## Activity
Would you please restate the data exactly as it stands, apart from the pictures?

╭─ Provided data

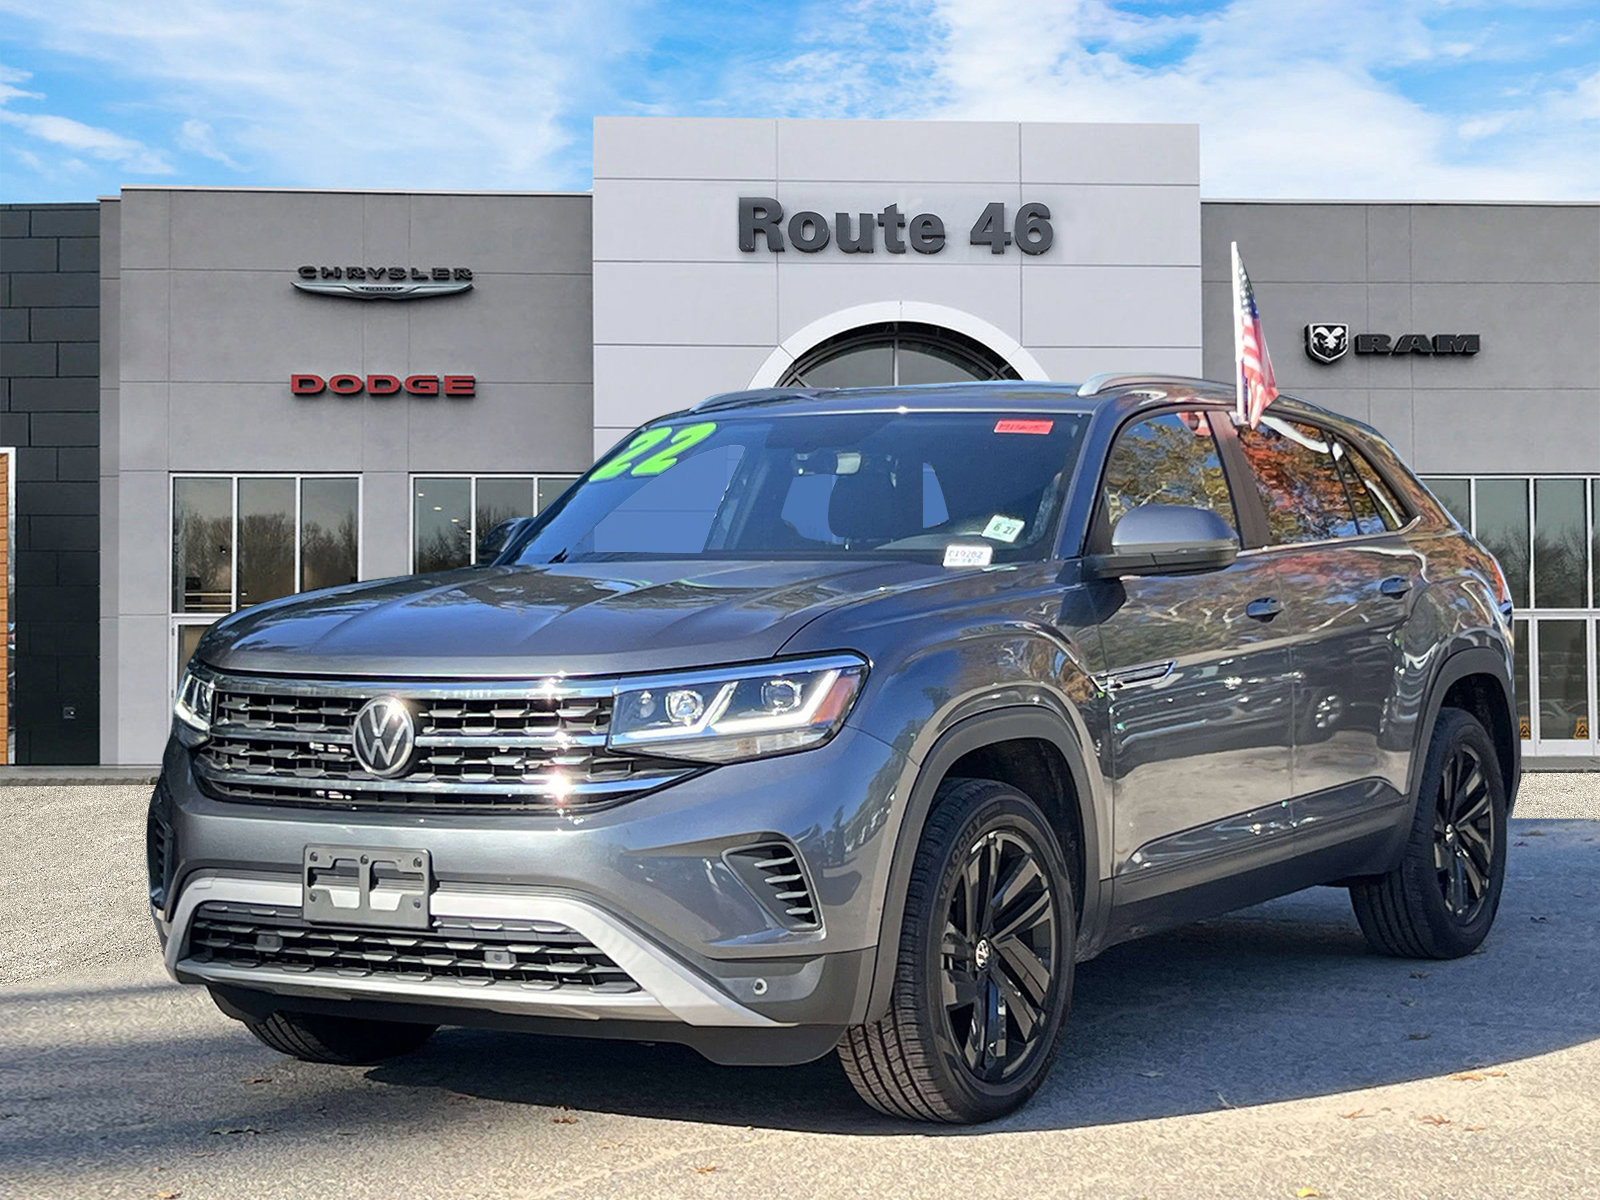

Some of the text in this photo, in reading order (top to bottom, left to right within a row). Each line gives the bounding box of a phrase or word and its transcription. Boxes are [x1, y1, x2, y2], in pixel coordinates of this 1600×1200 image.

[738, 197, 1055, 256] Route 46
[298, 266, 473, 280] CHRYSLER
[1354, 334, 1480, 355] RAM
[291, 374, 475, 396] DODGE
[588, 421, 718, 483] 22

╰─

## Exercise result
Some of the text in this photo, in reading order (top to bottom, left to right within a row). Each line gives the bounding box of a phrase or word and its transcription. Boxes are [x1, y1, x2, y2], in pixel coordinates of this 1600×1200 image.

[738, 197, 1055, 256] Route 46
[298, 266, 473, 280] CHRYSLER
[1354, 334, 1480, 355] RAM
[291, 374, 475, 396] DODGE
[588, 421, 718, 483] 22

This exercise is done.